Wenn wir die Konzentration auf Katastrophen kritisieren, wollen wir damit nicht dazu auffordern, die Augen vor bestehenden Problemen zu verschließen. Die Naturaneignung des gegenwärtigen kapitalistischen Wirtschaftens ist zerstörerisch und hat katastrophale Auswirkungen. Doch es gibt Verantwortliche für diese Zerstörungen, und Widerstand dagegen ist möglich und notwendig. Bloße Effizienzsteigerungen oder andere technische Innovationen können aus sich selbst heraus Zerstörungen nicht unterbinden oder verhindern. Sie dienen meist den herrschenden AkteurInnen und vergrößern deren Macht sowie Zugriffs- und Zerstörungsmöglichkeiten.

Gesellschaftskritik und eine kritische Perspektive auf gesellschaftliche Naturverhältnisse gehören zusammen. Natur besteht nicht einfach nur »da draußen«, sondern ist in vielfältige gesellschaftliche Prozesse eingebunden. Daher halten wir es für wichtig, die Prozesse der Naturaneignung und die Herrschaftsverhältnisse in einer Gesellschaft als miteinander vermittelt zu begreifen. In den Auseinandersetzungen um gesellschaftliche Verhältnisse sollten immer auch die Formen der Naturaneignung reflektiert werden - und Natur nicht unabhängig von (gesellschaftlichen) Unterdrückungs- und Ausbeutungsverhältnissen betrachtet werden.

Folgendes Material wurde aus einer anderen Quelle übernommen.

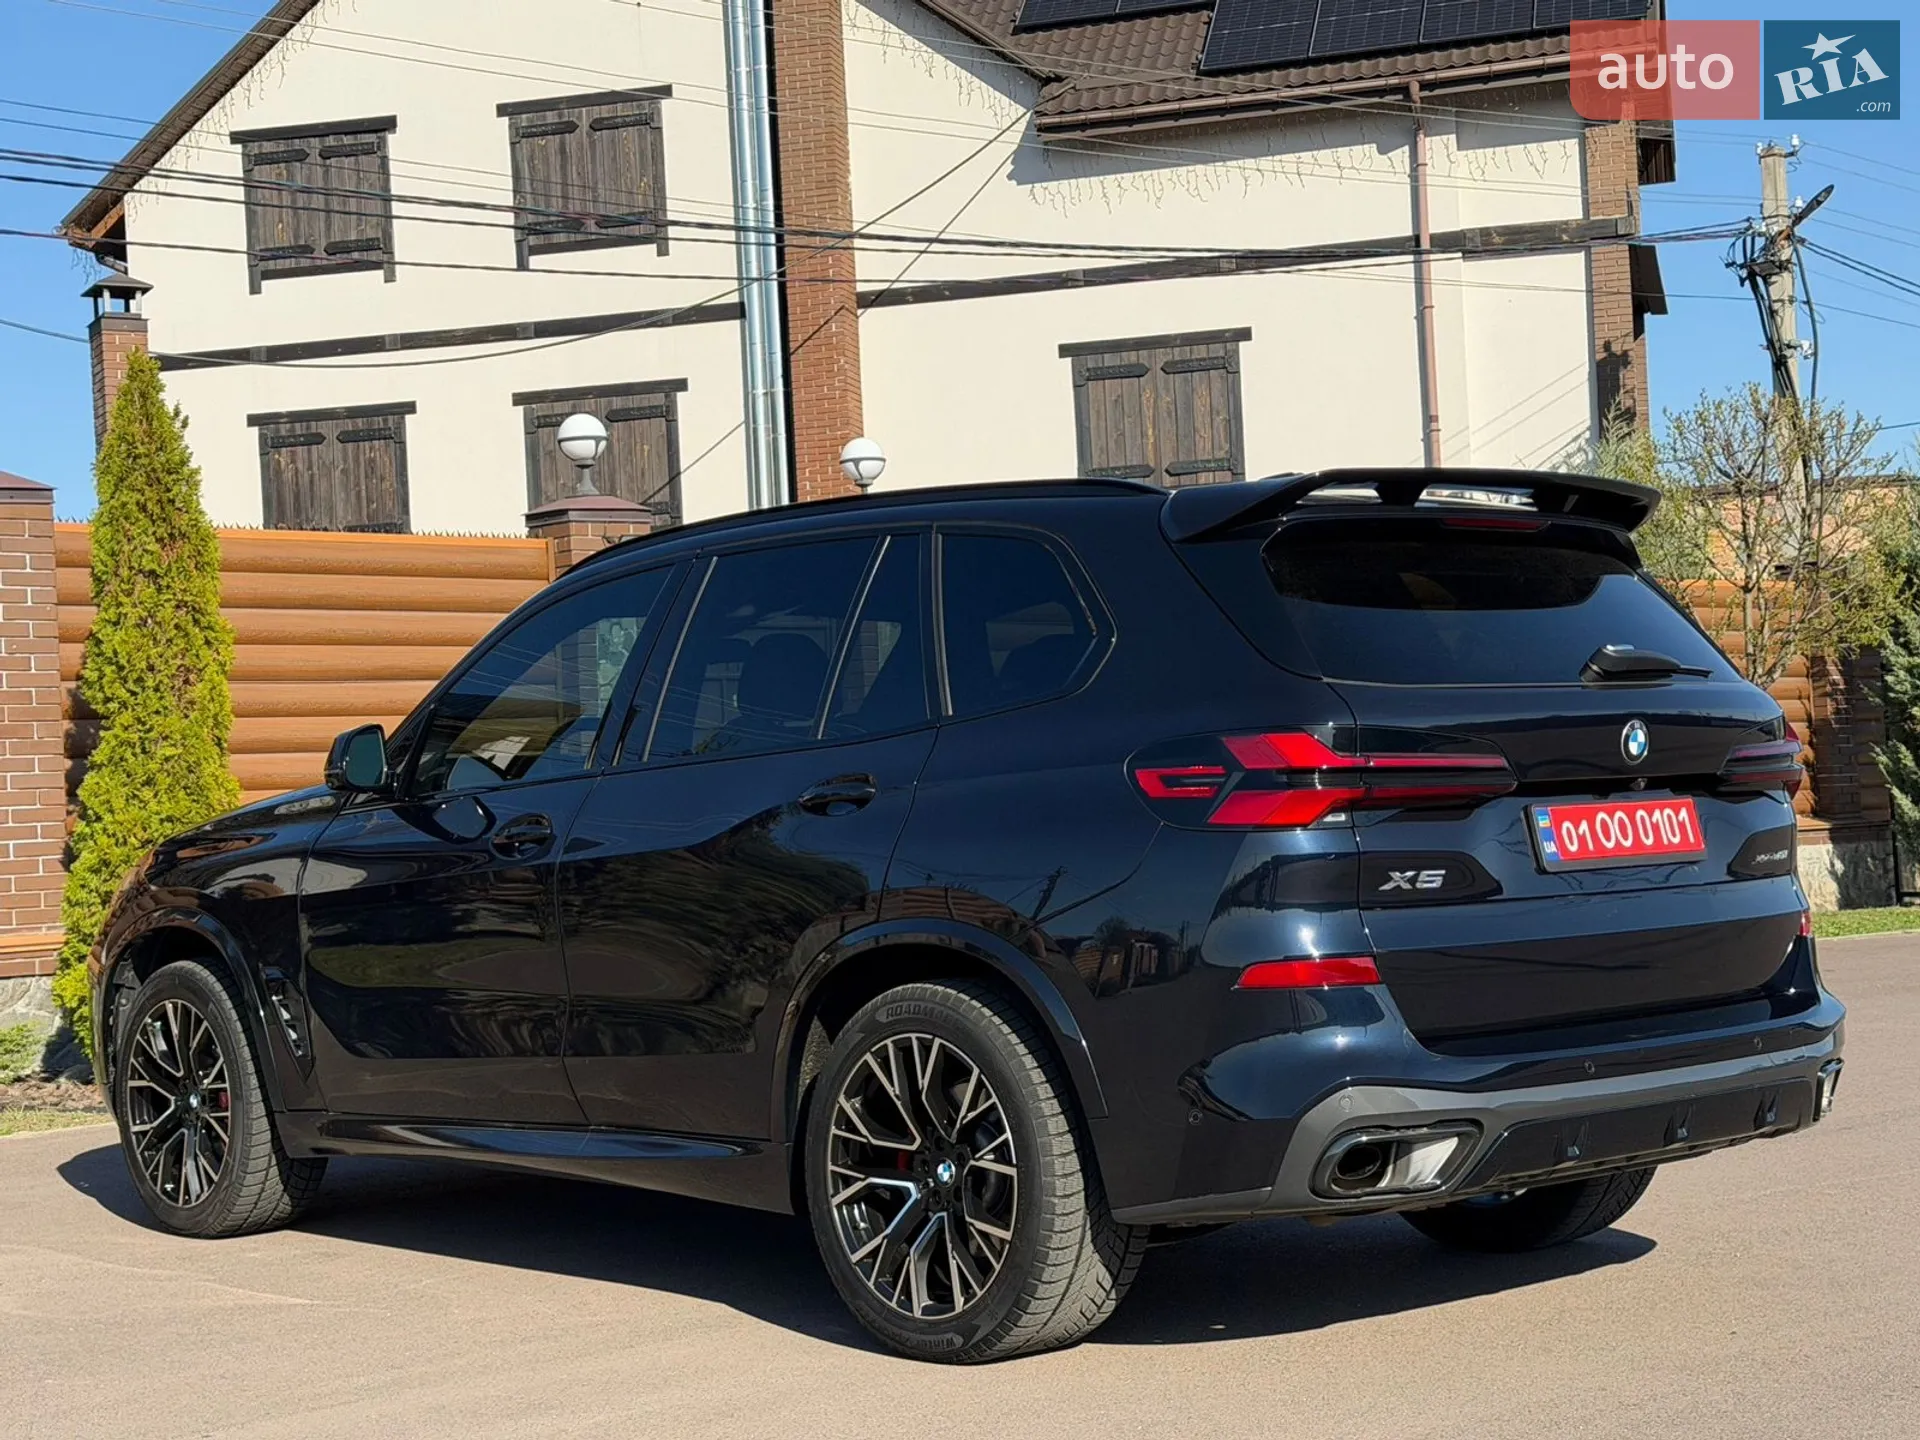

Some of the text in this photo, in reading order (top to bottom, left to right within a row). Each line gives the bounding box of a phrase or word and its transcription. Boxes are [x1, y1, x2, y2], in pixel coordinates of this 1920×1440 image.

Eine differenzierte Analyse der Beziehungen zwischen Gesellschaft und Natur ist häufig nur schwer durchzuhalten, wie überhaupt differenziertes Denken mühsam werden kann und nicht unbedingt Schwung in die nächste Kampagne bringt ... Wir halten eine solche Analyse dennoch für unabdingbar, um Zusammenhänge und Verantwortlichkeiten erkennen und Widerstandsmöglichkeiten beschreiben zu können.

Jana Flemming, Beate Friedrich und Tobias Schmitt sind aktiv im BUKO-Arbeitsschwerpunkt Gesellschaftliche Naturverhältnisse (GesNat).

Anmerkungen:

1) SPIEGEL-Titelblatt 33/1986.

2) Zitat eines Vertreters der NGO Germanwatch.

3) Vgl. den Dokumentarfilm »Porto Marghera - Die letzten Feuer« aus dem Jahr 2004.

Katastrophale Argumente

Von 20.-22. Juni 2012 findet der sog. Rio+20-Gipfel statt. Im Vorfeld diskutierte der BUKO-Arbeitsschwerpunkt Gesellschaftliche Naturverhältnisse in den vergangenen ak-Ausgaben das Konzept der Green Economy. Dieses Mal wirft er einen Blick auf die problematische Beschwörung von Endzeitszenarien in der Klimadebatte.